ICML 2014: Some talks and posters

I was a somewhat inconsistent note-taker here. Because a lot of the talks I attended were sufficiently out-of-area for me that I didn’t get the context for the work, I often found myself jotting a few “look at this later” pointers to myself rather than actual ideas from the talk.

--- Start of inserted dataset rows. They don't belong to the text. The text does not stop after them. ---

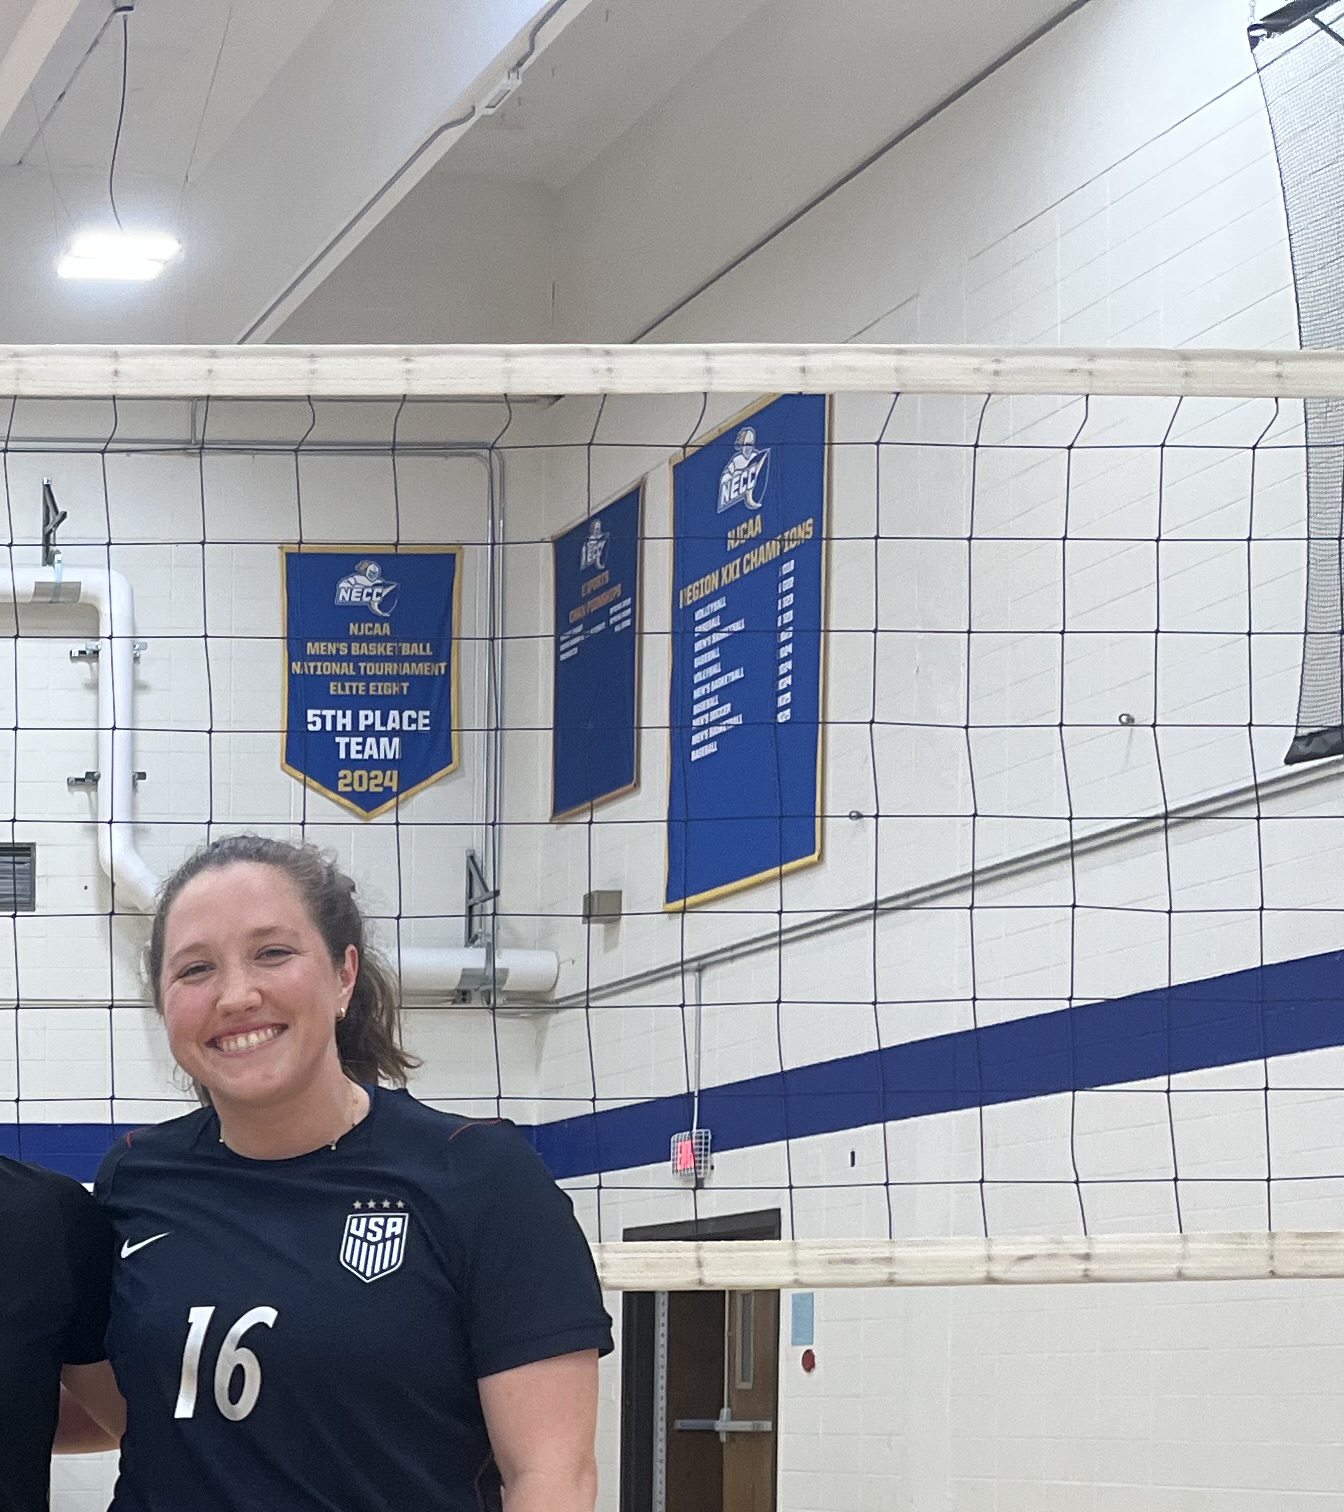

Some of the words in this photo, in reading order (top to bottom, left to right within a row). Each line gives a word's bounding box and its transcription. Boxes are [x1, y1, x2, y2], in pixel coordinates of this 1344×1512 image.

[721, 465, 756, 506] NECC
[721, 558, 741, 587] XXI
[339, 587, 383, 602] NECC
[349, 623, 391, 636] NJCAA
[307, 643, 348, 656] MEN'S
[351, 643, 433, 656] BASKETBALL
[291, 662, 356, 675] NATIONAL
[358, 662, 448, 676] TOURNAMENT
[330, 682, 366, 695] ELITE
[369, 682, 410, 695] EIGHT
[307, 710, 352, 731] 5TH
[359, 710, 431, 731] PLACE
[335, 737, 402, 760] TEAM
[338, 770, 399, 793] 2024
[350, 1217, 403, 1242] USA
[172, 1305, 278, 1422] 16

First, the plenaries: Eric Horvitz, Michael Kearns, and Michael Jordan. Horvitz talked about how we’ve made a lot of progress in machine learning but there’s more work to be done in bringing humans back into the loop. Examples include developing semantics for what features mean, how to visualize the results, adding humans into the loop (e.g. active learning or interactive settings), crowdsourcing, and building tools that are sensitive to human cognitive limitations, like detecting and informing people of “surprising events,” which involves knowing what surprising means. He also announced a new data set, COCO for “common objects in context” (not Cocoa Puffs) which has around 300k-400k images and lots of annotations. The goal was to build al library of objects that a 4-year-old can recognize. Can a computer?

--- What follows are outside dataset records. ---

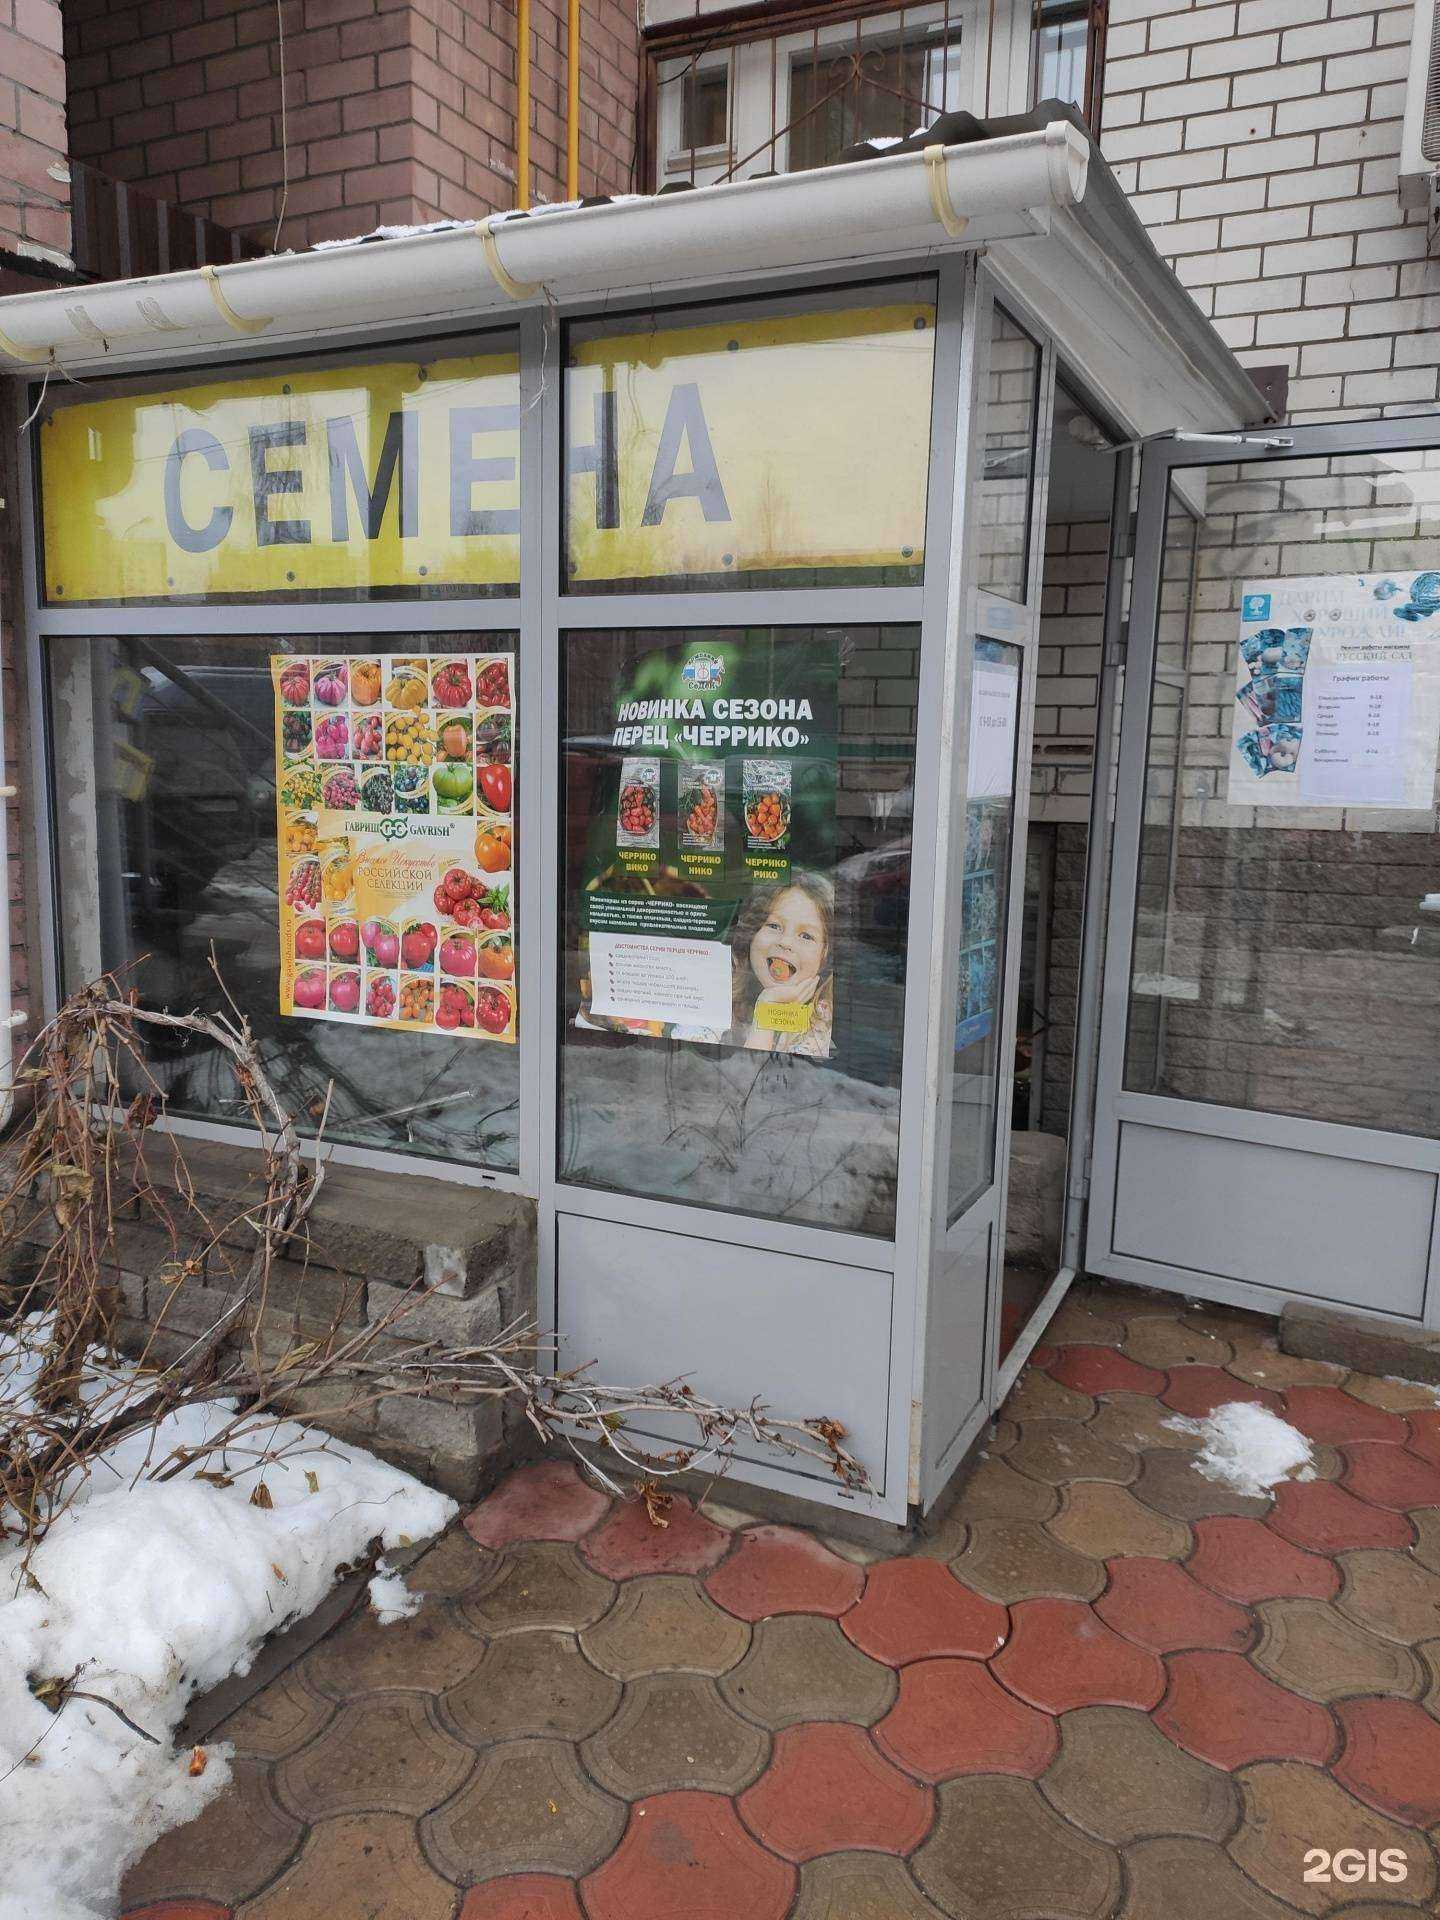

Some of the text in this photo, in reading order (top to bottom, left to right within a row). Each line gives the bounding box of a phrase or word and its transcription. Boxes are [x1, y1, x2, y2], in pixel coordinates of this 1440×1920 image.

[163, 382, 732, 555] СЕМЕНА
[1332, 675, 1360, 683] График
[618, 698, 813, 722] НОВИНКА СЕЗОНА
[612, 725, 809, 749] ПЕРЕЦ «ЧЕРРИКО»
[345, 821, 380, 833] ГАВРИШ
[618, 851, 657, 862] ЧЕРРИКО
[680, 854, 721, 865] ЧЕРРИКО
[625, 863, 649, 872] ВИКО
[745, 858, 787, 868] ЧЕРРИКО
[358, 866, 432, 880] РОССИЙСКОЙ
[688, 866, 713, 876] НИКО
[753, 870, 778, 879] РИКО
[367, 878, 423, 890] СЕЛЕКЦИИ
[767, 1008, 799, 1018] НОВИНКА

I honestly was a little too zonked/jetlagged to understand Michael Kearns’ talk, which was on challenges in algorithmic trading. He was focused on problems that brokers face, rather than the folks who are holding the risk. Michael Jordan gave a variant on a talk I’ve seen him give in the last few plenary/big talks I’ve seen: computation, statistics, and big data. The three examples he talked about were local differential privacy, bounds for distributed estimation, and the bag of little bootstraps.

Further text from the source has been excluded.